Telecom is staying tight-lipped about its plans for Internet telephony, but VocalTec, the company with which it conducted a groundbreaking IP telephony trial, is unlikely to figure in them.
Last year’s trial, which saw Xtra using VocalTec’s Internet telephony gateway, is acknowledged to have run into quality problems. The entry of major players into the market, and a clearer focus at Telecom on the best role for voice-over-IP in its strategy will probably see the Israeli-based pioneer out of the picture.
The trial did feed into a request for information, which Computerworld understands drew submissions from VocalTec, Cisco, Lucent, Ericsson, Ascend and others. Telecom spokesman Clive Litt says all the responses have been received and are being evaluated but he cannot give a time frame for any decision.
The trial was launched in January last year, under the reign of former Xtra general manager Chris Tyler, who predicted it would form the basis of a cheaper, less expensive service than Telecom’s current long distance offering and would be a "ubiquitous, universal service ... available to the consumer market, to business and to the government sector. The target market is basically the phone user.”
This is probably all out of the question now. The submissions are being handled by Telecom Networks rather than Telecom Internet Services, which runs Xtra, and the RFI itself focused more strongly on multi-party conferencing, Web-to-phone and PC-to-phone applications than on phone-to-phone IP telephony.
Telecom seems more likely to seek to compete conventionally on price with Internet telephony service providers such as Voyager, rather than join them in offering outbound distance calls over the Internet.
VocalTec’s local representative, Phil Talbot of On Q, acknowledges that “call quality wasn’t there” during the Xtra trial, but says it has improved since the trial concluded in August and is no longer an issue.

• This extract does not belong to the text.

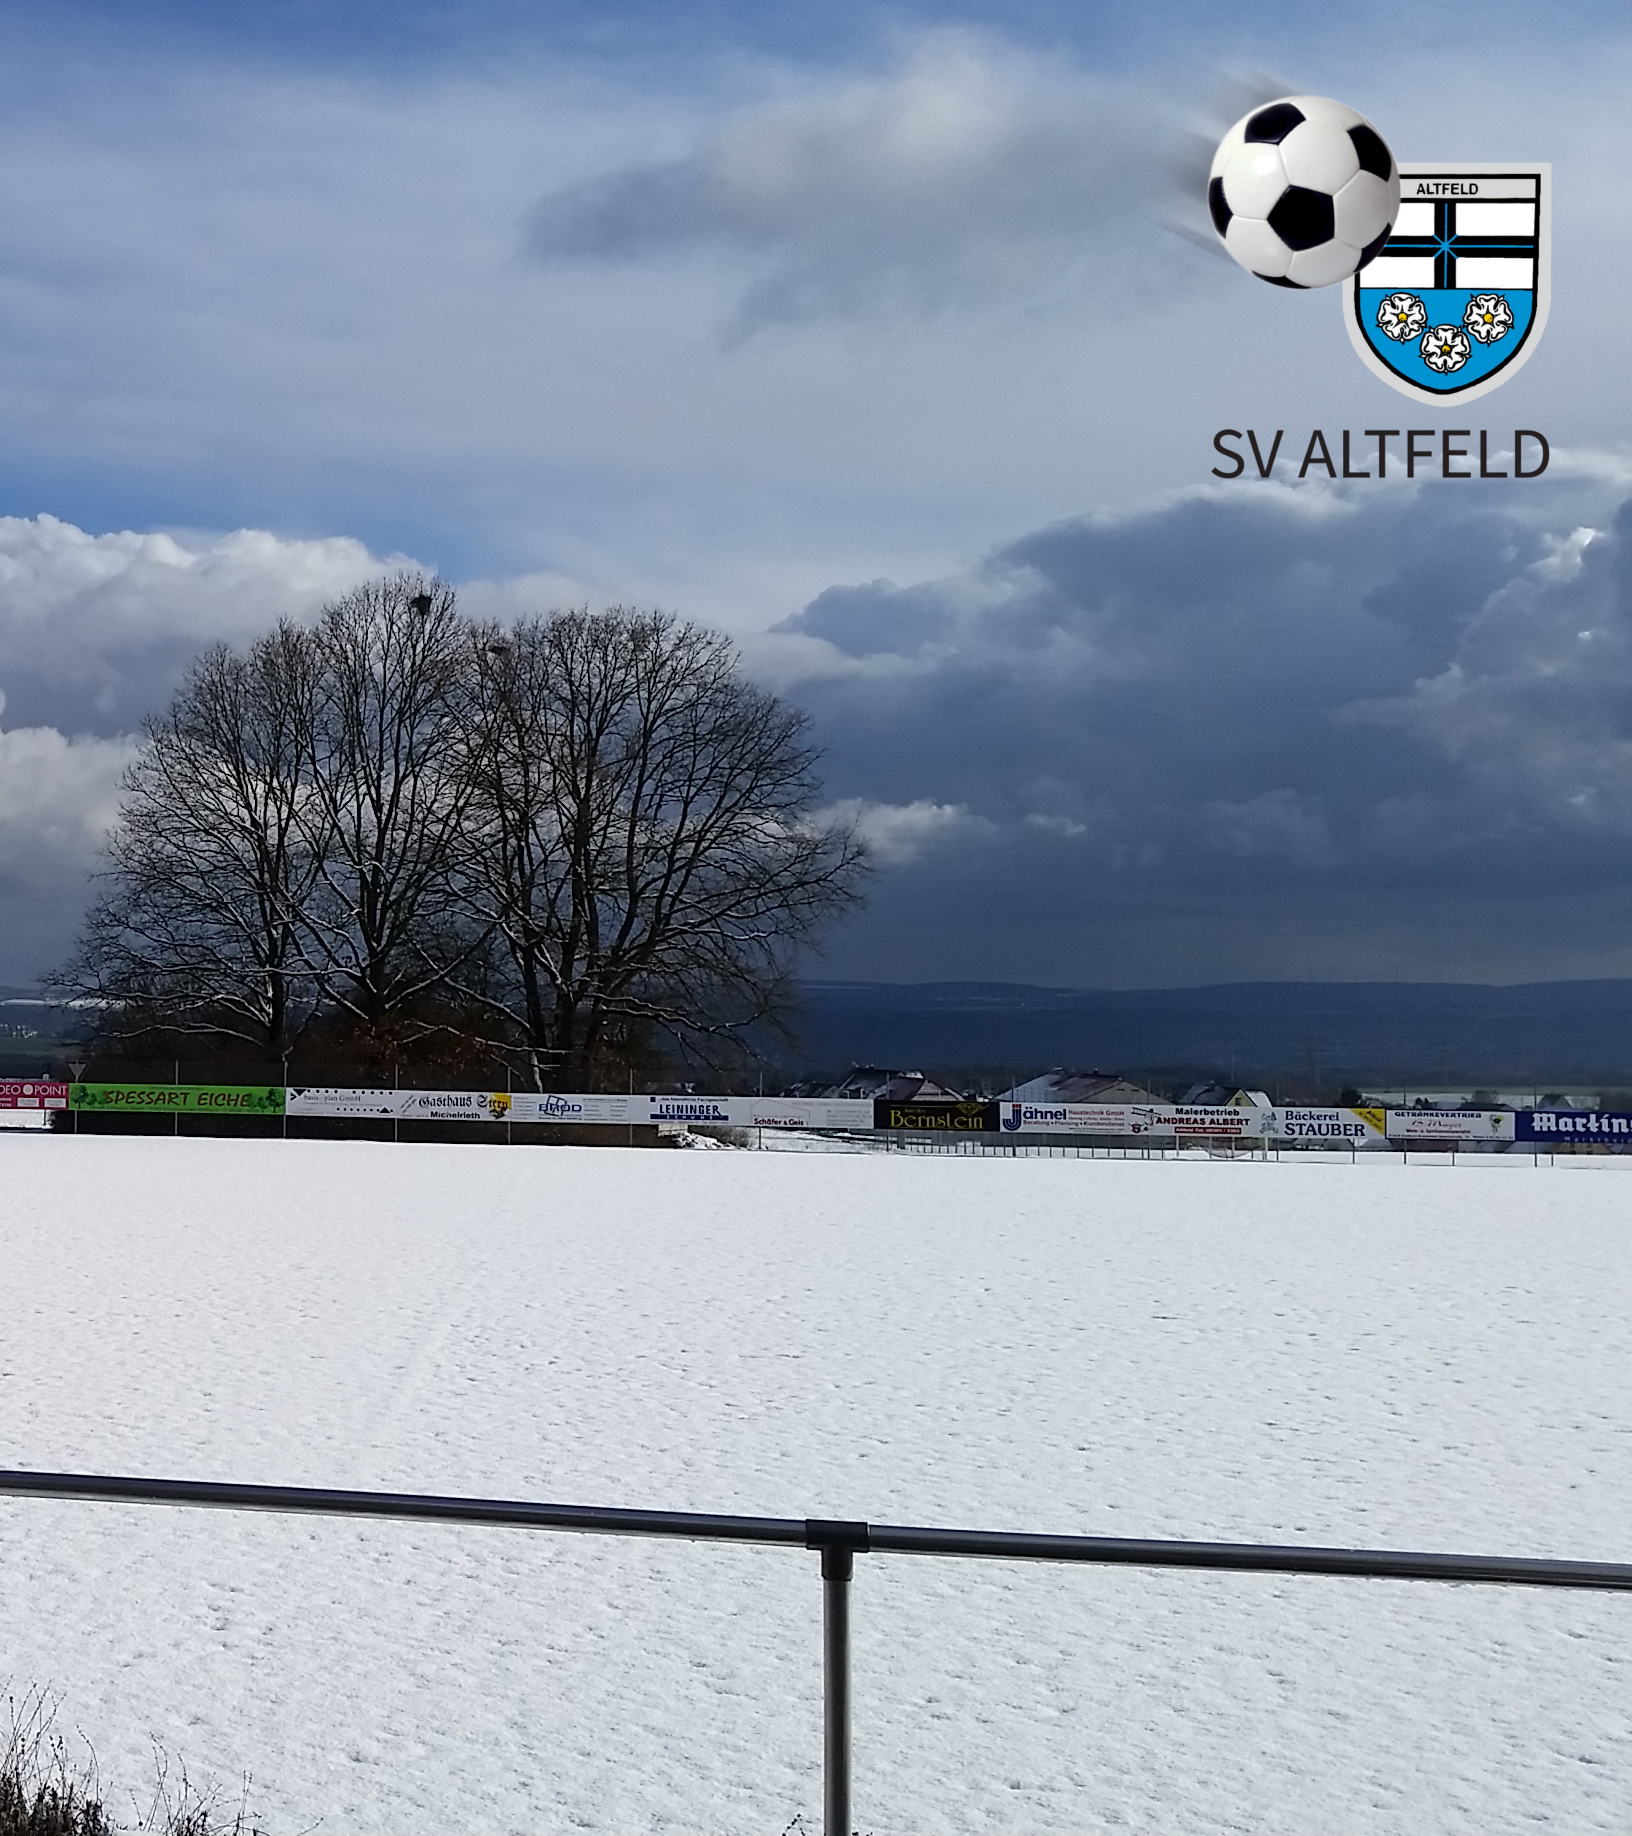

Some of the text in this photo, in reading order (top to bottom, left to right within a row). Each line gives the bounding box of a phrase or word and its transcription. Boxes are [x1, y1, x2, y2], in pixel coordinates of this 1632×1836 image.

“The issue is more how a telco interfaces its existing investment in billing and provisioning systems and so forth. And strategically, why should a telco cut its own throat? What’s come out of it is that the value-added service business for a telephone company is really to focus not on phone-to-phone, but on PC-to-phone, Web-to-phone — in other words, a call button on a Web page linking to a call centre or telephone.
“Being able to actually terminate inbound PC-to-phone calls is important for them,” says Talbot. “They don’t want to offer outbound IP telephony, but they are interested in terminating the incoming calls, because there are a lot of service providers around the world who are going this way, and to be able to buy and sell IP minutes as well as PSTN [phone network] minutes is strategically important.”
Talbot says the role of VocalTec, 21% owned by Deutsche Telekom, is to “help the telephone companies understand the technology. If you look at why Deutsche bought into Vocaltec, they were really saying we need help into the next millenium.”
Talbot says VocalTec is now working with “a small number of large corporates who have their own data network throughout the country and see benefit initially in intra-company calls. We getting quite good success in the corporate market with gateways which are behind the PBX.”
He says that while VocalTec’s flagship I-Phone product will be company’s bread and butter for some time yet, the long-term focus is the service provider market, which includes new entrepreneurial start-up companies in competition with telcos, the telcos themselves, and the corporate market.